• [The task]: Exact retyping of the data: please keep every word and drop each picture.

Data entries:

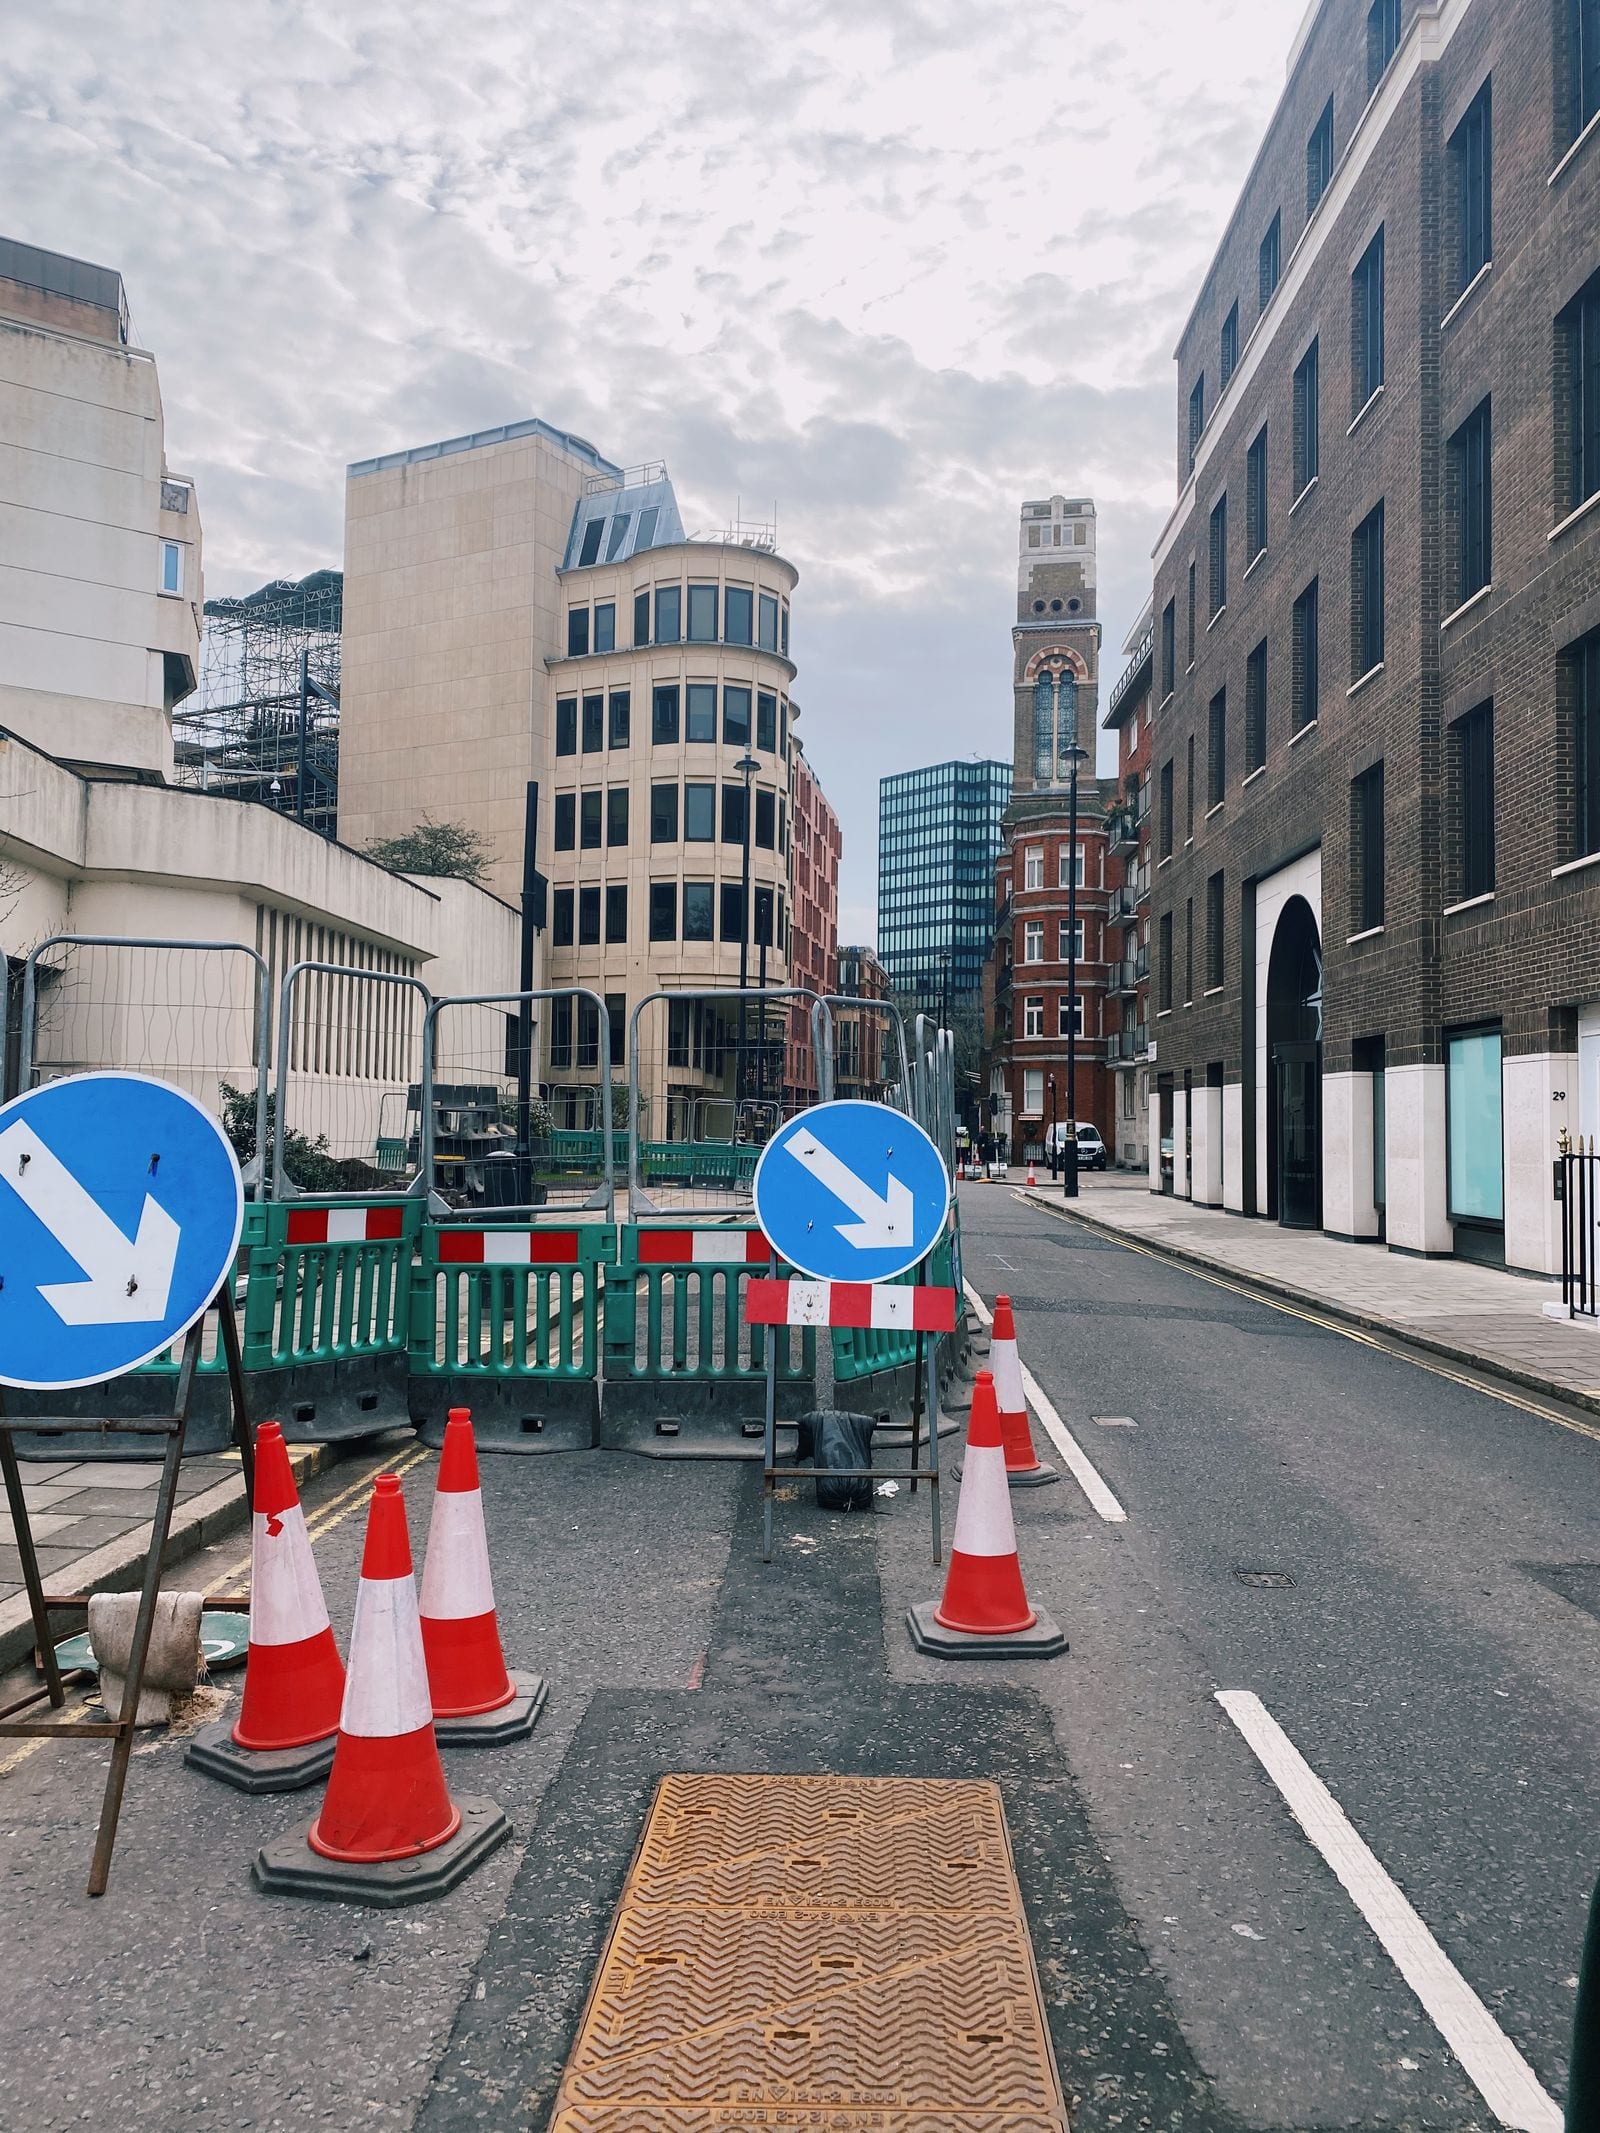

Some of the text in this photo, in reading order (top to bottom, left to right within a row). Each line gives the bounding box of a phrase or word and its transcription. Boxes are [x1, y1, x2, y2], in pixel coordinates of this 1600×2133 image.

[1553, 1091, 1565, 1100] 29
[854, 1898, 891, 1907] E600
[606, 1973, 625, 1990] BT
[1013, 2003, 1032, 2021] BT
[737, 2089, 897, 2104] EN 124-2 E600

• [Task output]:
Some of the text in this photo, in reading order (top to bottom, left to right within a row). Each line gives the bounding box of a phrase or word and its transcription. Boxes are [x1, y1, x2, y2], in pixel coordinates of this 1600×2133 image.

[1553, 1091, 1565, 1100] 29
[854, 1898, 891, 1907] E600
[606, 1973, 625, 1990] BT
[1013, 2003, 1032, 2021] BT
[737, 2089, 897, 2104] EN 124-2 E600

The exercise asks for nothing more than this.